**Activity**
Restate the records below word for word, and omit the images they hold.

**Records for processing**
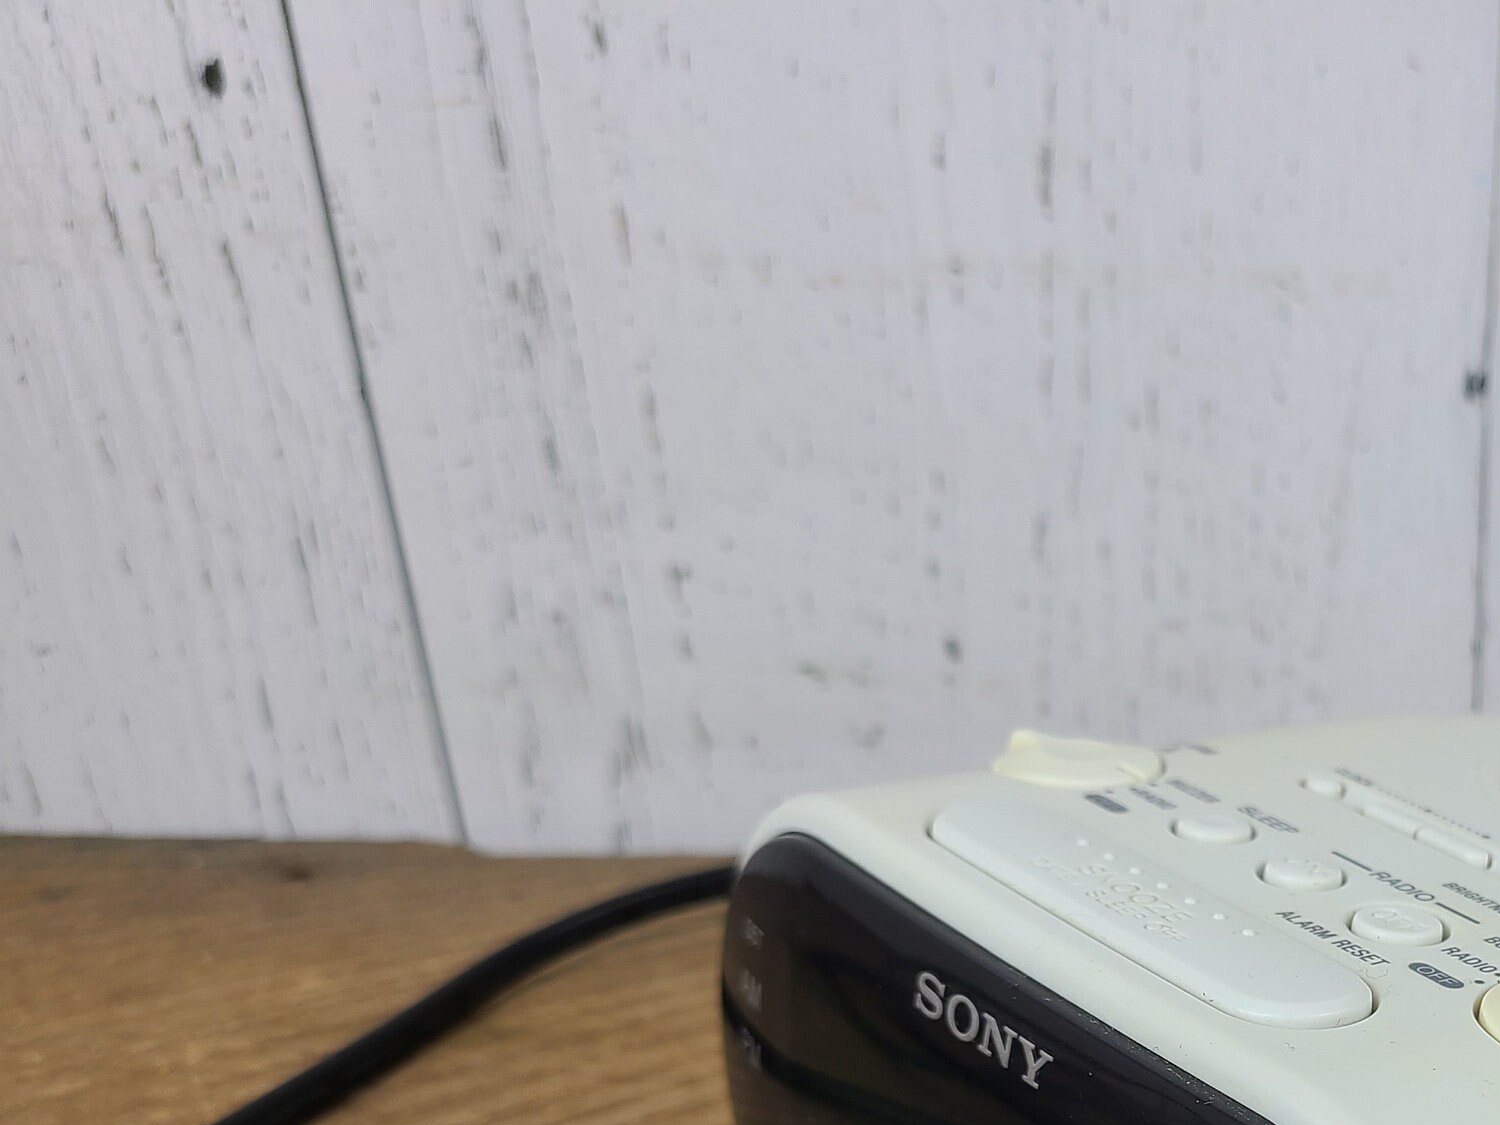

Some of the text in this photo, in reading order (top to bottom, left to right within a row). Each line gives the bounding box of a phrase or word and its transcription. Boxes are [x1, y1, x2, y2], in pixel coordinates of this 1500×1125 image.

[1369, 871, 1435, 902] RADIO
[1275, 910, 1391, 966] ALARM RESET
[1441, 946, 1497, 974] RADIO
[1415, 965, 1459, 987] OFF
[913, 970, 1054, 1090] SONY
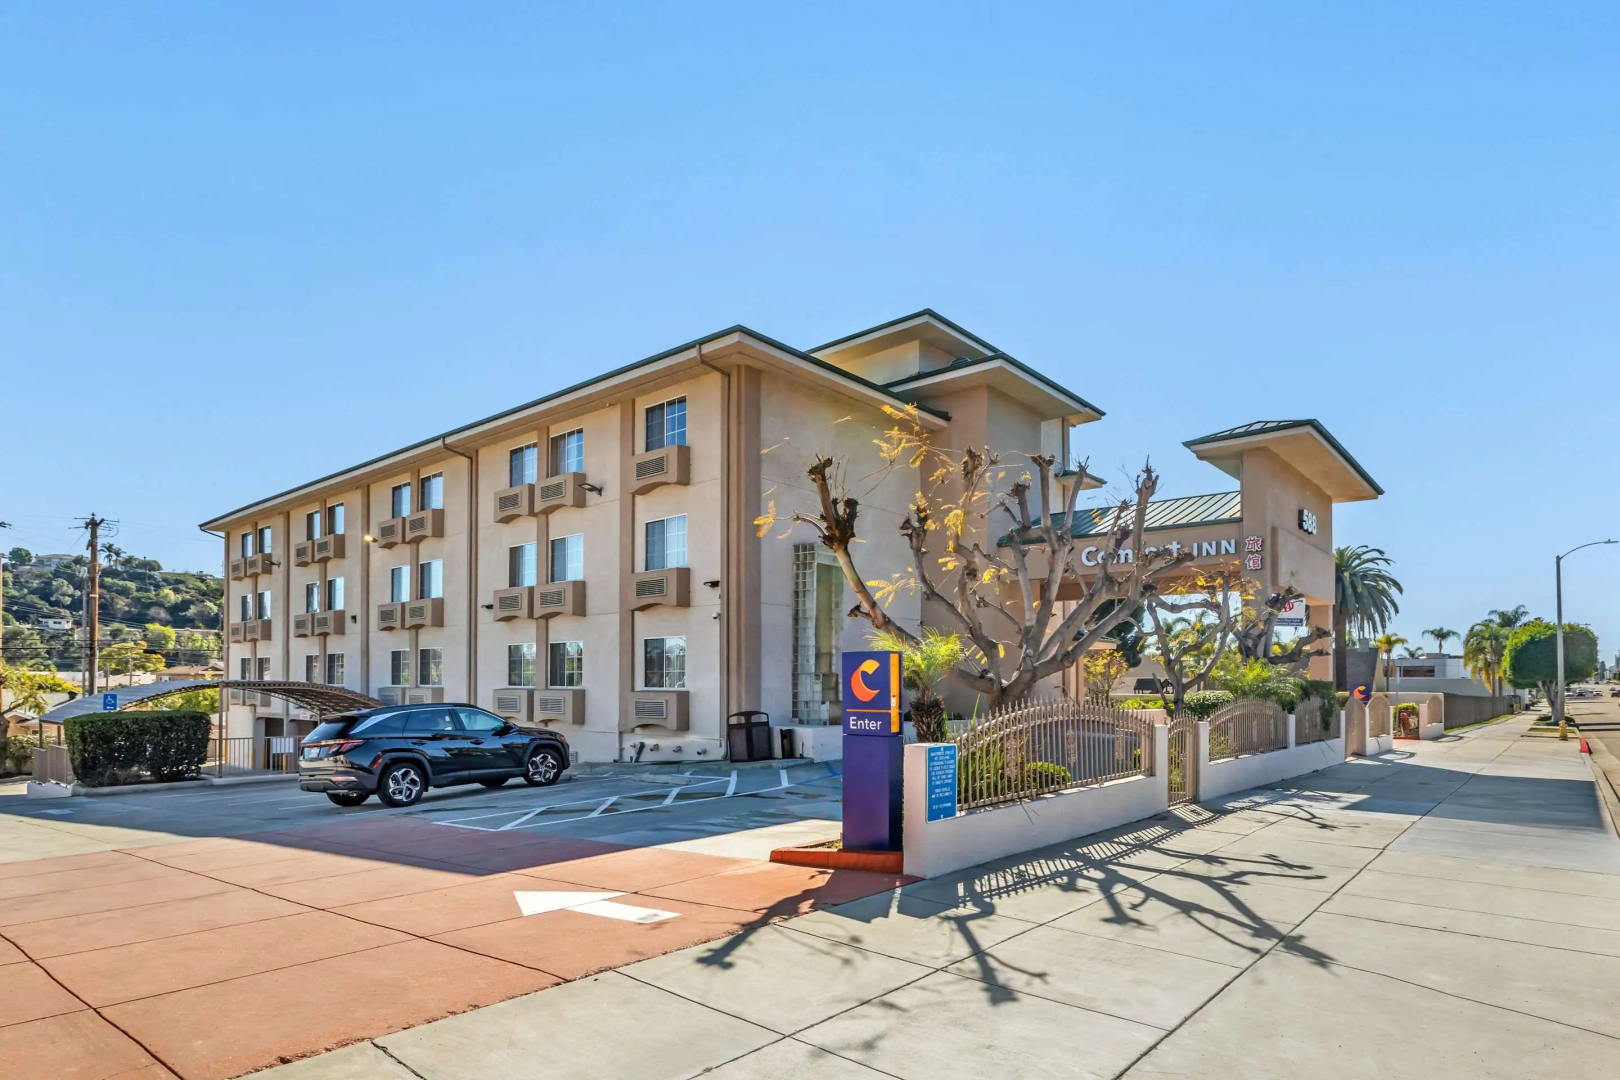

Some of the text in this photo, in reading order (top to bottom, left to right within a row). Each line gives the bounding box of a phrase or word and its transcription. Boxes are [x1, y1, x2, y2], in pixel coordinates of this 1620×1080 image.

[1081, 539, 1236, 567] Comt INN
[850, 716, 882, 731] Enter
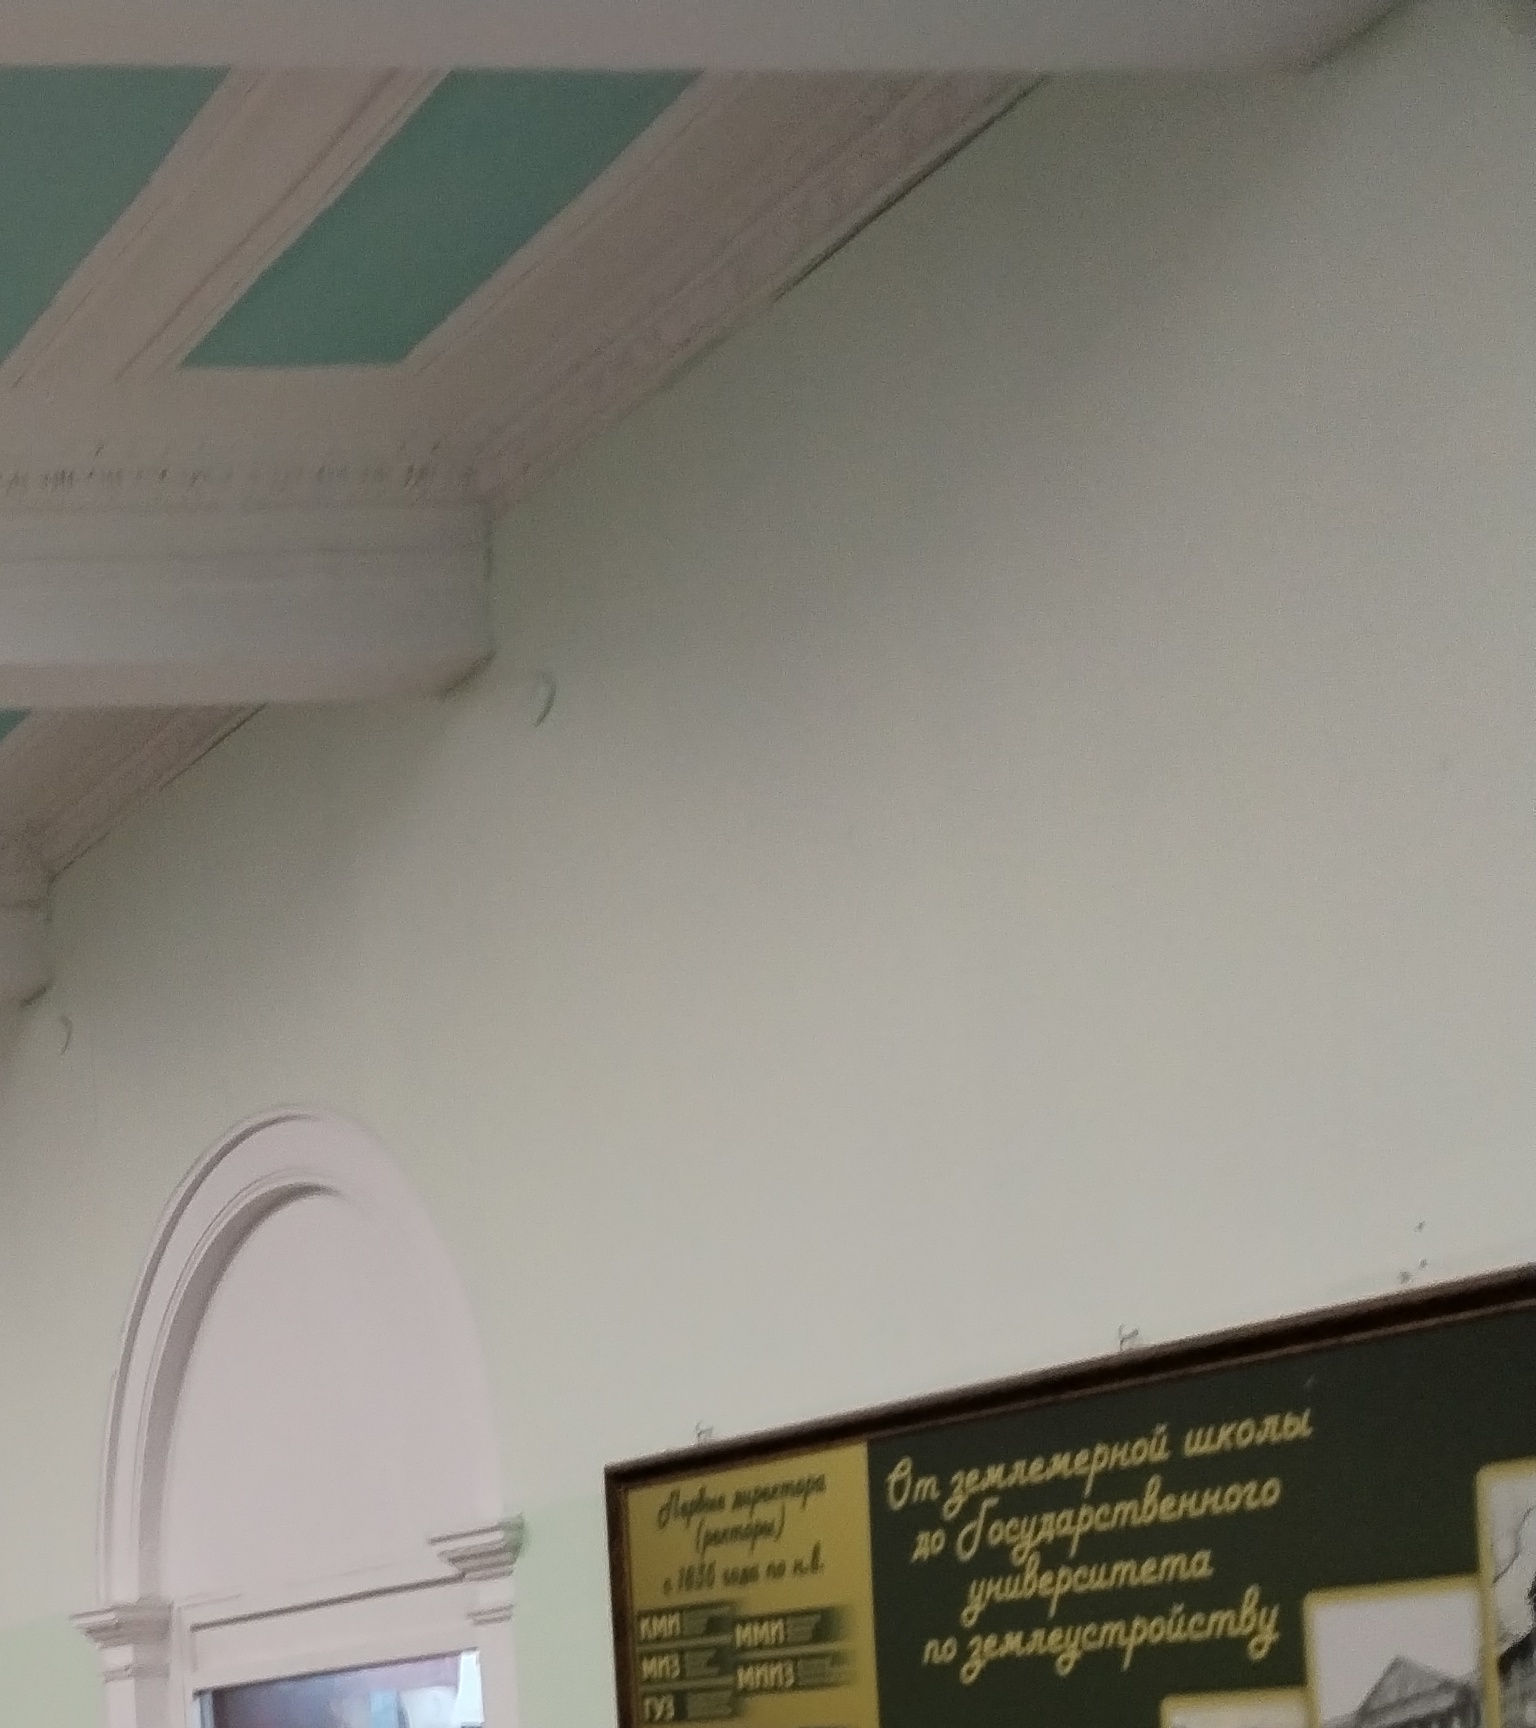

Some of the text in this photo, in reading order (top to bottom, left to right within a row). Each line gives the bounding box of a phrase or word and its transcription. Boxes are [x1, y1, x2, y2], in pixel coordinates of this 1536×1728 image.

[885, 1408, 1315, 1521] От землемерной школы
[912, 1474, 1283, 1567] до Государственного
[922, 1583, 1281, 1686] по землеустройству
[959, 1549, 1215, 1628] университета

**Answer for this exercise**
Some of the text in this photo, in reading order (top to bottom, left to right within a row). Each line gives the bounding box of a phrase or word and its transcription. Boxes are [x1, y1, x2, y2], in pixel coordinates of this 1500×1125 image.

[1369, 871, 1435, 902] RADIO
[1275, 910, 1391, 966] ALARM RESET
[1441, 946, 1497, 974] RADIO
[1415, 965, 1459, 987] OFF
[913, 970, 1054, 1090] SONY

Some of the text in this photo, in reading order (top to bottom, left to right within a row). Each line gives the bounding box of a phrase or word and its transcription. Boxes are [x1, y1, x2, y2], in pixel coordinates of this 1620×1080 image.

[1081, 539, 1236, 567] Comt INN
[850, 716, 882, 731] Enter

Some of the text in this photo, in reading order (top to bottom, left to right within a row). Each line gives the bounding box of a phrase or word and its transcription. Boxes are [x1, y1, x2, y2], in pixel coordinates of this 1536×1728 image.

[885, 1408, 1315, 1521] От землемерной школы
[912, 1474, 1283, 1567] до Государственного
[922, 1583, 1281, 1686] по землеустройству
[959, 1549, 1215, 1628] университета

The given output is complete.